Aim 1 (Neighborhood-Level Household Data): Create a big data apparatus, covering the United States, that models a wide range of household characteristics at the “neighborhood” level, by (i) using machine-learning to intelligently aggregate block groups and thus create robust, synthetic microdata samples to capture coherent geographic units, “neighborhoods”, usually smaller than zip code areas; and, (ii) fuse a wide range of databases to model household characteristics at the neighborhood level, including public surveys of nutrition, health, behavioral risk factors, transportation, energy use, time use, personal consumption, and private data on luxury consumption and air travel; many of these will be confidential geo-coded data sources. This big data apparatus will enable a wide range of studies, some linked to climate change, others not. Aim 2 (High Spatial Resolution Household Carbon Footprint [HFC] Database): (1) Create a HCF database of unprecedented spatial resolution by exploiting information on consumption from the neighborhood-level big data apparatus, and combining it with data on the carbon emissions intensity of the differing forms of consumption; and (2) create a public HFC Web Portal and Database. Aim 3 (Linking Emissions and Local Harms): To link disparate conversations about root causes of climate change and unequal exposure to environmental harms, we will overlay geo-specific HCF data with two sets of data indicating localized exposure to environmental harms, by (i) creating an index of climate vulnerability based on projected increases in heat and flood risk, (ii) a broader index of current vulnerability to local pollutants, reflecting the complex, lived connections between different forms of environmental degradation, identifying an “irony gap” that contributes to metrics of environmental injustice (iii) identify sites of compound exposure to relatively high energy costs (which carbon pricing would increase) and local environmental harms.

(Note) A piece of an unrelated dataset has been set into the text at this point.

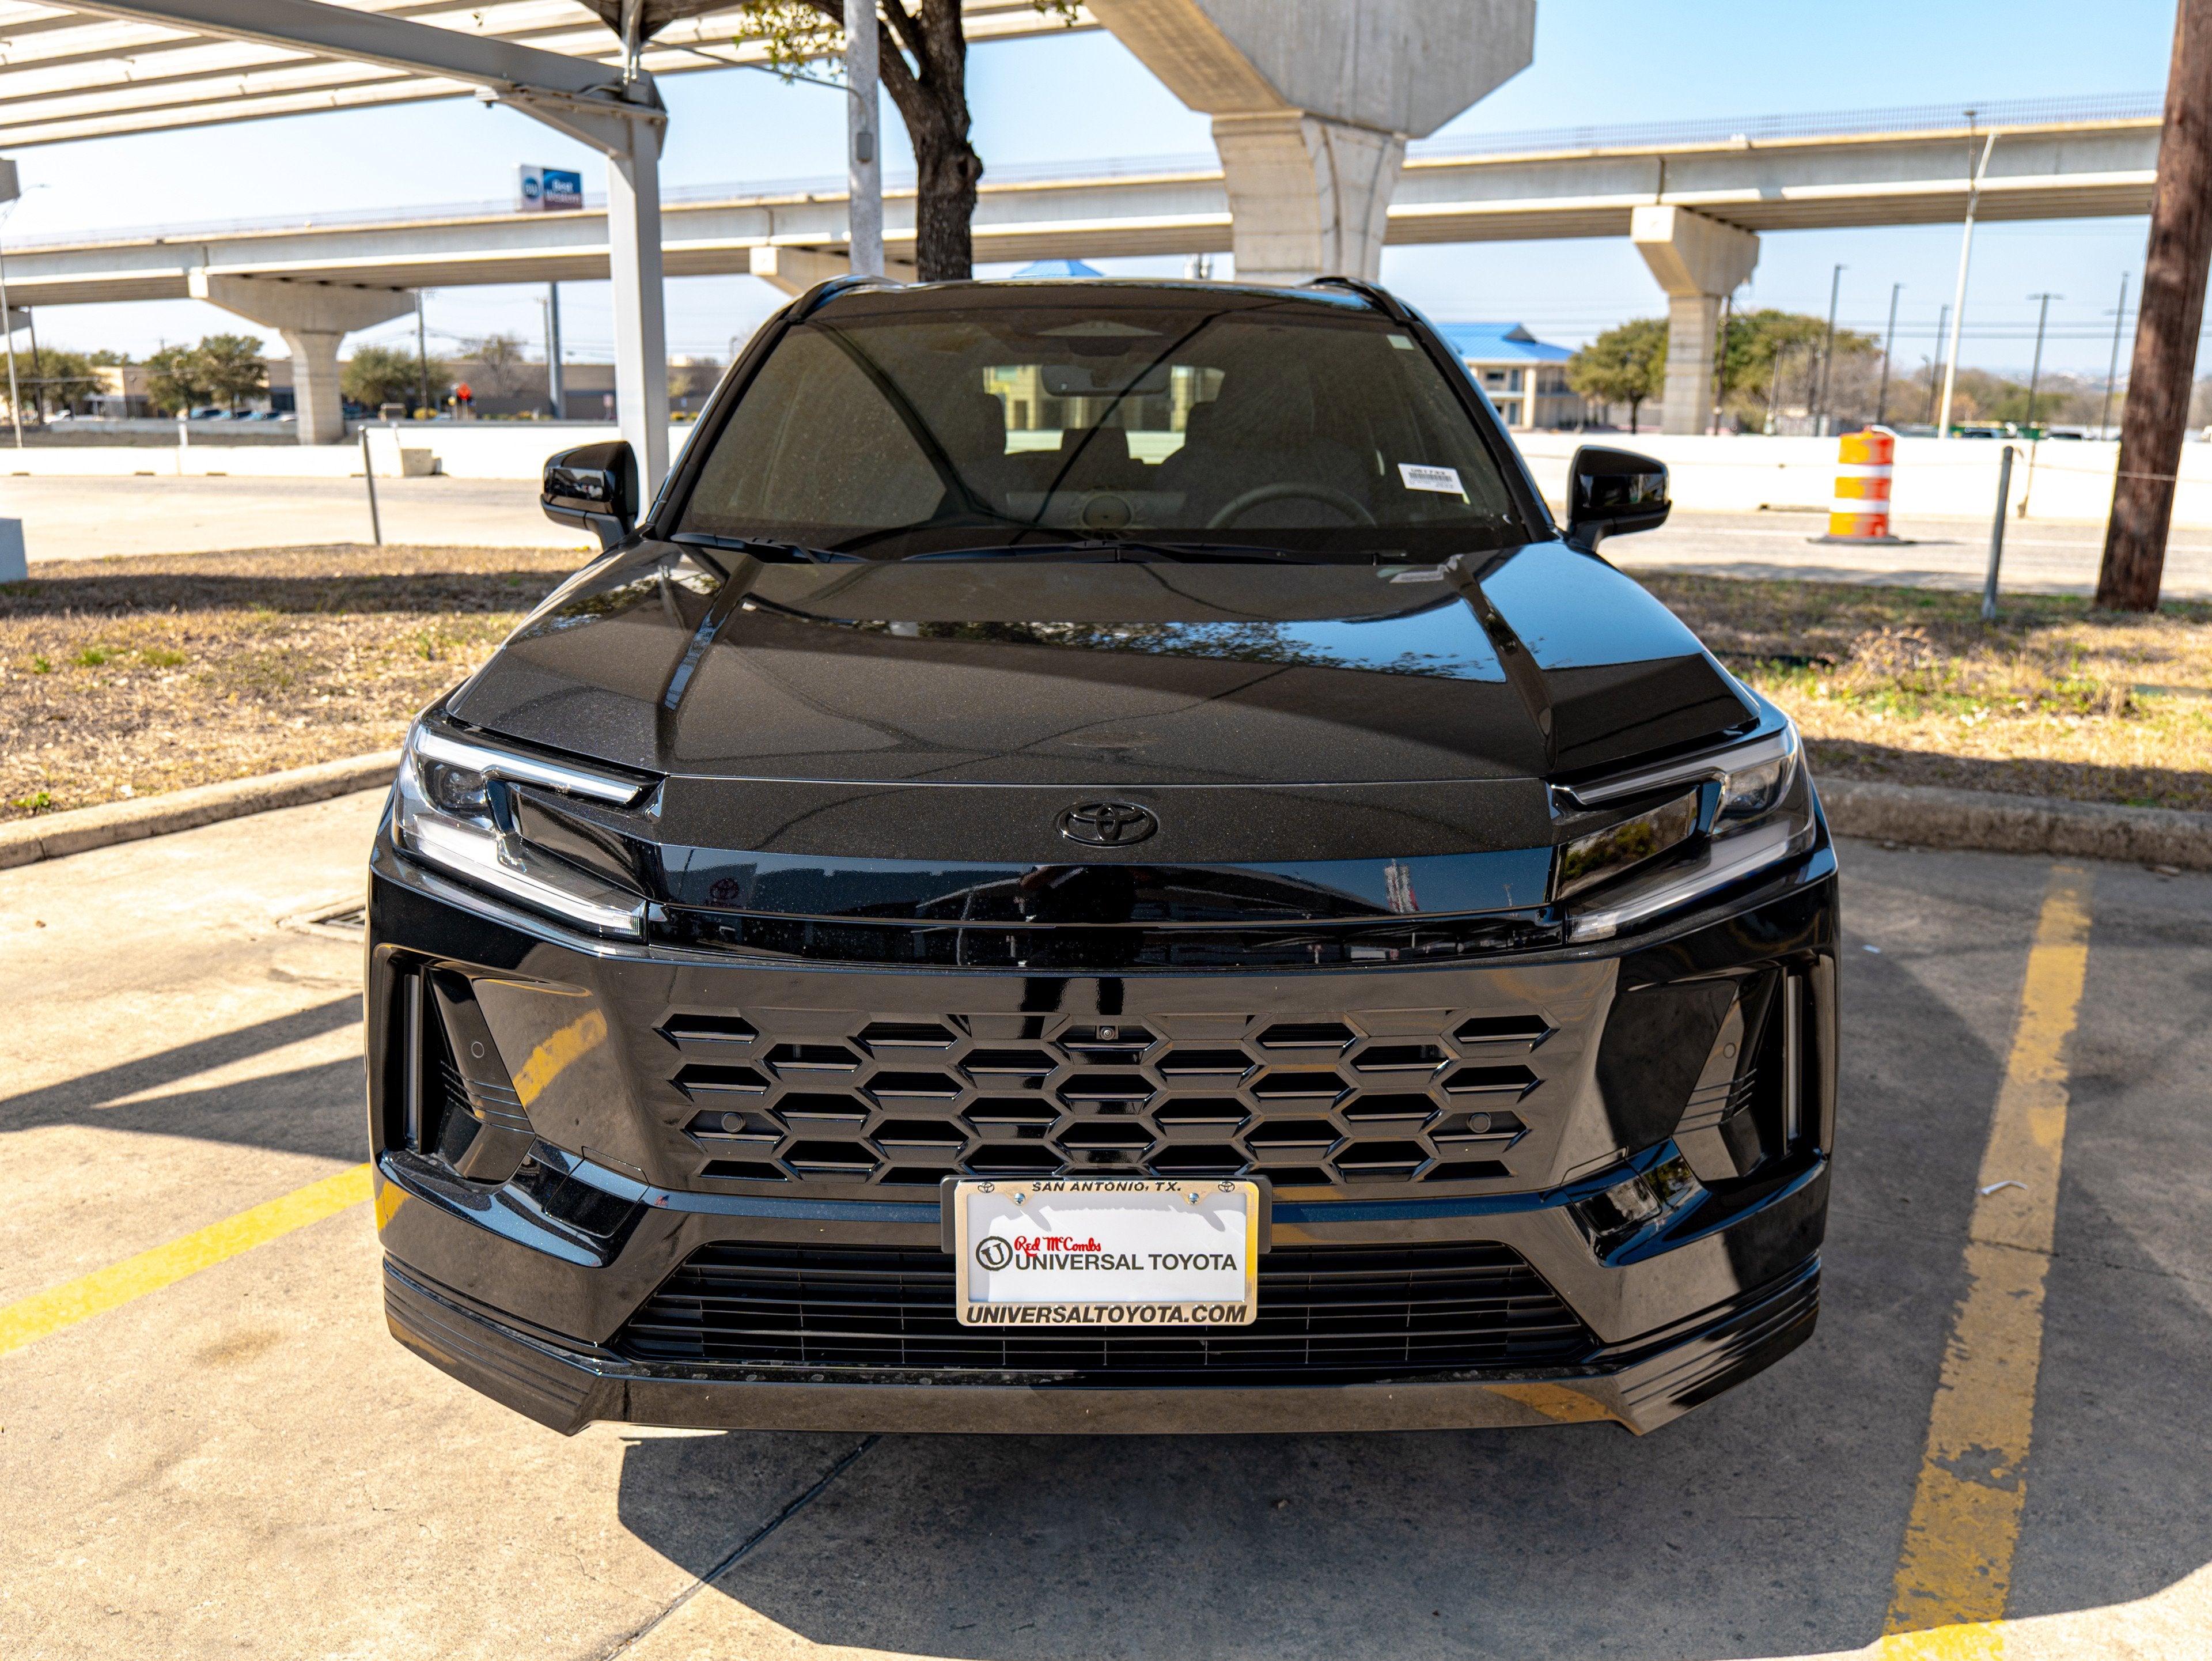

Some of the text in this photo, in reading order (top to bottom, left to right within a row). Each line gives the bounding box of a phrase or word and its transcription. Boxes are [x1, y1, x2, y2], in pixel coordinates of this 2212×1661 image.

[1032, 1182, 1181, 1191] SAN ANTONIO, TX.
[1014, 1236, 1101, 1257] Red McCombs
[1016, 1254, 1237, 1270] UNIVERSAL TOYOTA
[967, 1304, 1247, 1323] UNIVERSALTOYOTA.COM

“Whole Community Climate Mapping”, a collective, interdisciplinary project to create, analyze, and share with the public a household carbon footprint database and climate vulnerability index for the United States of unprecedented spatial resolution, along with a wide range of other social, health, and environmental indicators—all at the neighborhood level. Greenhouse gas (GHG) emissions are the root cause of climate change, one of the gravest threats facing humans in the 21st century. But we still know little about the intersection of demographic and geographic drivers of GHG emissions, and their overlap with a range of climate, health, and social vulnerabilities. Our knowledge is especially weak at neighborhood level, where cutting edge big data approaches are promising. Existing carbon footprint studies work at high levels of aggregation—using national or state-level demographics, in rare cases modeling zip-code level data. Existing footprint data’s low spatial resolution limits scholars’ ability to decompose emissions drivers, jointly study GHG emissions (causes) and environmental harms (effects), identify compound exposure to environmental costs, and assess the climate impacts of socio-spatial processes like gentrification and suburban exclusion. We still have only the roughest understanding of how much income inequality shapes emissions, and how these same patterns shape unequal vulnerabilities to climate change and other health threats. Growing public discussions of a Green New Deal show just how much interest there is in holistic narratives about climate change and inequality. “Whole Community Climate Mapping” will provide the kind of missing data (and visual tools) that could support public and policy debates on how to tackle these problems in an intersectional fashion.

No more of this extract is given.